“Stiamo cercando un Commissario equilibrato che possa gestire questa fase di transizione. Ho già rifiutato il ruolo di Vicepresidente alla Regione con delega al Bilancio e alla Programmazione, questo ci tenevo a dirlo, il progetto non mira ad alzare il prezzo”. Lo ha affermato il Sindaco di Messina, Cateno De Luca, che questa mattina ha tenuto una conferenza stampa per salutare la città. Tra alcuni rimpianti e uno sguardo al futuro, il primo cittadino è pronto ad affrontare una nuova esperienza. De Luca ha consegnato tre documenti ai giornalisti: “la censura della Regione Siciliana di un Consiglio Comunale scarso formato da soggetti che per spot vogliono andare contro la legge, domani presenteremo un emendamento con Danilo Lo Giudice. Il Consiglio Comunale dovrà studiare e dibattere la relazione, altrimenti decadrà e andrà a casa, è questo ciò che prevede la legge. Mi dispiace andarmene con questa ferita alla democrazia; l’altro documento che vi abbiamo consegnato è il provvedimento del Tar che accoglie la richiesta di sospensione per il Referendum “Mare monti”, questa è una follia per un territorio di 15 mila abitanti; infine c’è il programma di commiato riguardante il lunedì per focalizzare l’attenzione sul candidato o candidata a Sindaco, la squadra è già tutta definita. I messinesi devono sapere che ci sto mettendo la faccia, cambierà il capitano ma io ci sarò se i messinesi vorranno”.
Il Sindaco poi si toglie qualche sassolino dalla scarpa: “si sarebbe andati ad elezioni anticipate comunque perché non avrei consentito che si fossero chiusi gli equilibri regionali e nazionali aspettando di essere massacrato dalla classe politica. Lo avevo programmato già dall’inizio, non faccio niente per caso. Se non ci fosse la stampa, al di là delle mie dirette, che ha la terzietà e vigila sulle mie parole. La stampa è una garanzia. Ho deciso io quando è arrivata la parola fine, ognuno ha le proprie esperienze e le proprie strategie, non avevo più bisogno di un Consiglio Comunale così scarso. Devo ringraziare solo 4 Consiglieri che si sono messi al Gruppo Misto ed hanno collaborato col nostro buon governo. Lascio una città che oggi può concorrere ad essere una delle più competitive d’Italia, la stabilità finanziaria che abbiano noi non ce l’hanno nemmeno le grandi Città Metropolitane, ad esempio Palermo e Napoli che riceveranno dei fondi per evitare il dissesto.
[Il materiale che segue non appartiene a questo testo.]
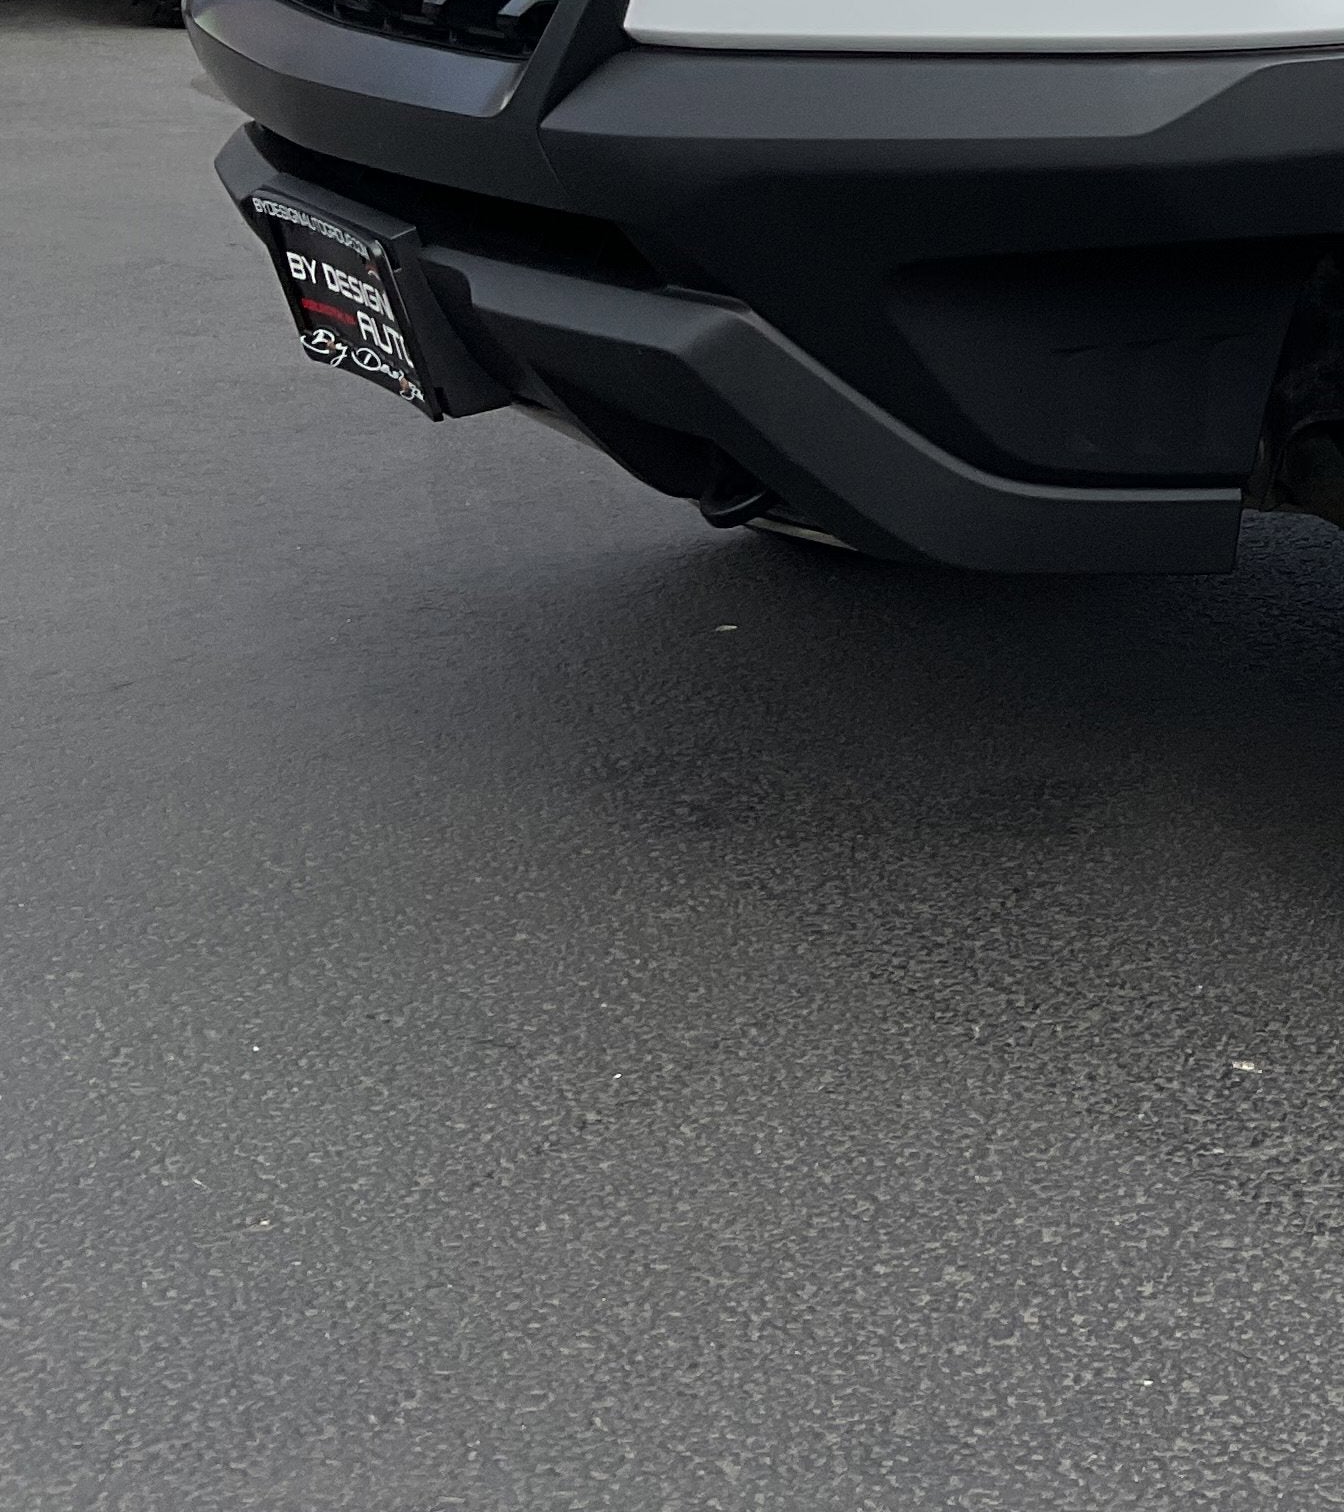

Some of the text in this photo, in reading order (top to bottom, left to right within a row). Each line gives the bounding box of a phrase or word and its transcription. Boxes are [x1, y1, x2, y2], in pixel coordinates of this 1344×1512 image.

Io oggi devo ringraziare Matilde Sicurasano, una persona corretta sempre rimasta sulla sua posizione politica ma che ha lavorato per la propria città, a discapito di altri deputati che sono andati dal Sottosegretario a rallentare le nostre mosse, perché De Luca doveva essere fermato”.
“Il Movimento Meridionalista serve a questa città e Messina ha la possibilità di giocare da protagonista. Il mio nuovo percorso politico è figlio di Messina, lo dico e lo ripeto, se non fossi stato Sindaco di questa città non sarei stato quel personaggio in grado di spostare gli equilibri regionali. Con questa città il mio legame non si interromperà mai, qui hanno creduto in me nonostante fosse arrestato sei mesi prima. Io dico alla mia città di Messina grazie e il nostro rapporto non finirà, lo dico a tutti i messinesi, il mio è un arrivederci”, conclude De Luca con gli occhi lucidi e ricchi di commozione.